Ok, teraz jej kolej… Uff…
Wyraźnie zdenerwowana wyszła na środek sali. Spojrzała po wszystkich obecnych,
wyraźnie obawiając się oceniania. Przełknęła ślinę, wzięła głęboki wdech… Nazywam
się Małgosia i jestem oszustką. Przychodzę na te spotkania od niedawna. Nie
oszukuję już 29 dni. Moja historia jest typowa. Miałam dwadzieścia kilka lat
kiedy wyszłam za mąż. Potoczyło się szybko, pierwsze dziecko, córeczka (wyjmuje
z kieszeni zdjęcie, przez salę przetacza się serdeczne westchnięcie kilkunastu
osób). Rok później zaszłam w drugą ciążę, urodził się synek (drugie zdjęcie,
kilka nieśmiałych braw).
Nie pracowałam. To znaczy
zawodowo. Tak, tak to się mówi, siedziałam w domu. Bardzo poświęcałam się
dzieciom. Przeczytałam mnóstwo lektur, artykułów, materiałów naukowych,
dotyczących żywienia, wychowania, pielęgnacji. Chciałam być doskonałą mamą.
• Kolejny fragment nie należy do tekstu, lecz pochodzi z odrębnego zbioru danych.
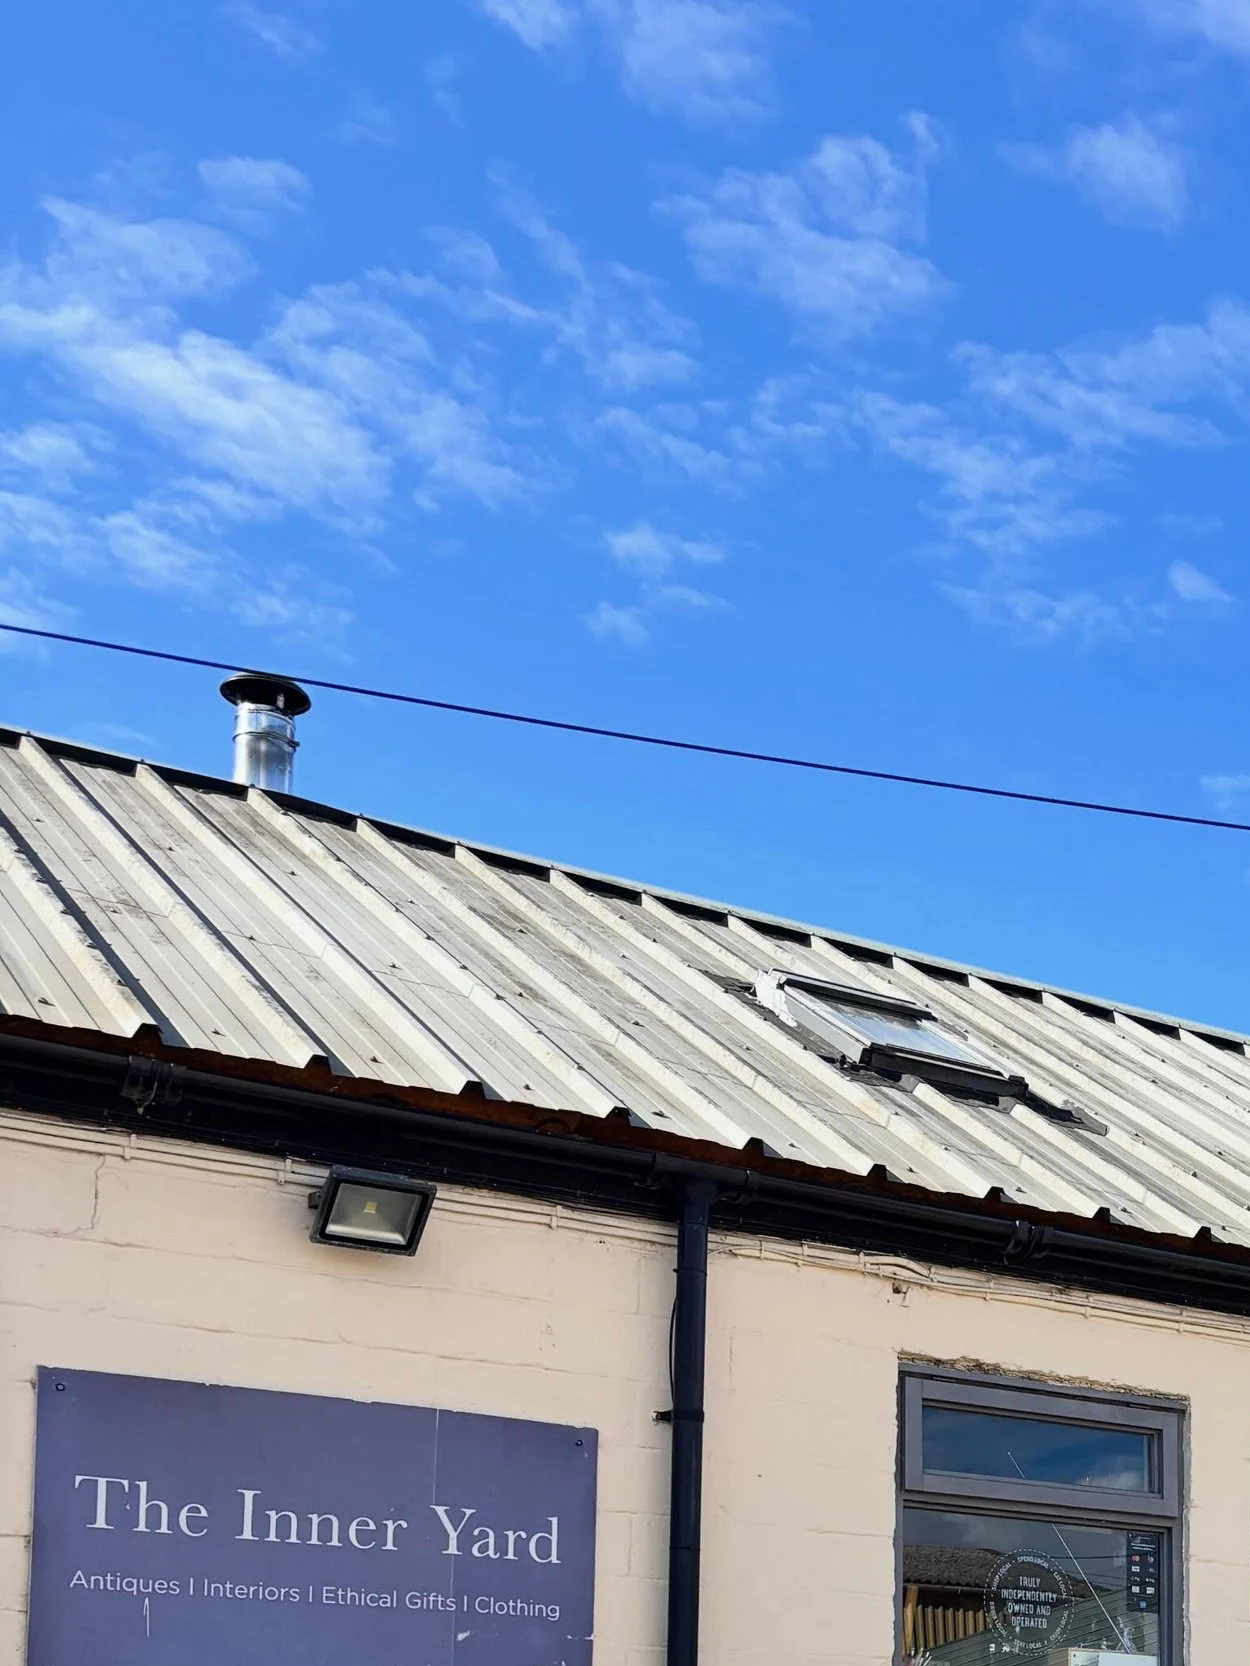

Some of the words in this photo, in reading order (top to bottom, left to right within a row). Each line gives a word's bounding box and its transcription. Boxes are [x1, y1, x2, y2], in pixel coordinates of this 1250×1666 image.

[74, 1474, 209, 1537] The
[234, 1488, 408, 1551] Inner
[429, 1504, 562, 1564] Yard
[998, 1562, 1012, 1576] LOCAL
[1034, 1557, 1049, 1569] LOCAL
[1019, 1576, 1041, 1587] TRULY
[69, 1569, 181, 1596] Antiques
[203, 1578, 301, 1602] Interiors
[322, 1586, 397, 1608] Ethical
[405, 1591, 457, 1611] Gifts
[474, 1596, 560, 1621] Clothing
[1001, 1589, 1057, 1603] INDEPENDENTLY
[1007, 1602, 1034, 1615] OWNED
[1035, 1605, 1051, 1616] AND
[1011, 1616, 1048, 1629] OPERATED
[1026, 1641, 1042, 1649] LOCAL
Trochę doskwierała mi samotność. Z dziećmi w domu to jest trochę tak, że nigdy
nie jesteś sama, ale jednocześnie cholernie samotna… (uśmiechnęła się blado, a
kilka kobiet z przejęciem pokiwało głowami).
Czułam taką trochę porażkę,
trochę rozczarowanie, bo często chciało mi się płakać, a inne mamy, które
spotykałam na placu zabaw, mówiły tylko o tym jak jest cudownie, jak
wprowadzają w życie wszystkie rady z tych mądrych książek.. (oczy trochę się
jej zaszkliły, więc włożyła rękę do kieszeni i zaczęła nerwowo ugniatać
chusteczkę do nosa). Chciałam się inspirować tymi doskonałymi matkami. Odkryłam
w sieci mnóstwo blogów „parentingowych”. Na początku był szał, zachłyśnięcie,
entuzjazm… (chwila przerwy… kilka szybkich nerwowych wdechów).. ale potem..
przyszło poczucie klęski!
(Przyspieszyła, poczuła, że teraz musi to z siebie
wyrzucić). Nie mogłam się nadziwić tym wszystkim zdjęciom, matki, które mają
czas, energię i możliwości, żeby prowadzić po dwa-trzy blogi, w tym
modowo-szafiarskie, a ich stroje, figury, makijaże…?! A te mamy-dobre rady,
których rozkoszne malce jawią się na zdjęciach z ochotą wcinając warzywa,
których nazw do niedawna wcale nie znałam? Przeżywając porażki przy każdej
czynności pielęgnacyjnej, żywieniowej, mając permanentnie siki na podłodze,
podarte ubranka po powrocie z placu zabaw, dzieci, które podrastają i zaczynają
trochę pyskować… widziałam te uśmiechnięte mamusie i ich cudne, zadbane i
grzeczne dzieci.
A potem już się zaczęło. Było tak:
ugotowałam coś tak potwornie zdrowego, że już w czasie szykowania posiłku to
była ekstaza, jak wspaniale to wpłynie na zdrowie, zachowanie, inteligencję i
długowieczność mojego dziecka. Postawiłam talerzyki na stole. Dzieci z
zainteresowaniem zajrzały. A ja „Pstryk”. Focia. Dzieci spróbowały po odrobince
i zgodnie odmówiły spożycia. Nie zniechęcona, focię wrzuciłam na fb… innym
razem „pstryk”. Na placu zabaw. Podbiegli do siebie i tak słodko przytulili…
Ooooo.. jakie to było urocze. Focia wstawiona na fb, akurat w momencie, kiedy
jedno ugryzło drugie tak mocno, że siniak nie schodził przez tydzień. Nie
szkodzi. Na fb widać, że się tak bardzo kochają..
Był jeszcze aspekt tych
niedzieciatych znajomych. Takich, którzy nie mogą zrozumieć dwudniowego doła,
bo moje dziecko nie siusia do nocnika, nie mówi „R”, nie chrupie surowego
selerka naciowego, a w towarzystwie głośno klnie... a ja.. naprawdę nie wiem
skąd się tego nauczyło! Tzn… może wiem.. ale ja tego nie uczyłam, ono po prostu
usłyszało, co krzyknęłam, kiedy rura od odkurzacza spadła mi na stopę, i tak
się utrwaliło…). No więc ci niedzieciaci… z ich fb wynika, że każdy weekend
spędzają na kite, wake, wspinaczce albo cross-owej wycieczce rowerowej. Chodzą
do kina i prowadzą bujne życie towarzyskie.. Są przeszczęśliwi, mają super
prace, spełniają się w każdym możliwym aspekcie życia.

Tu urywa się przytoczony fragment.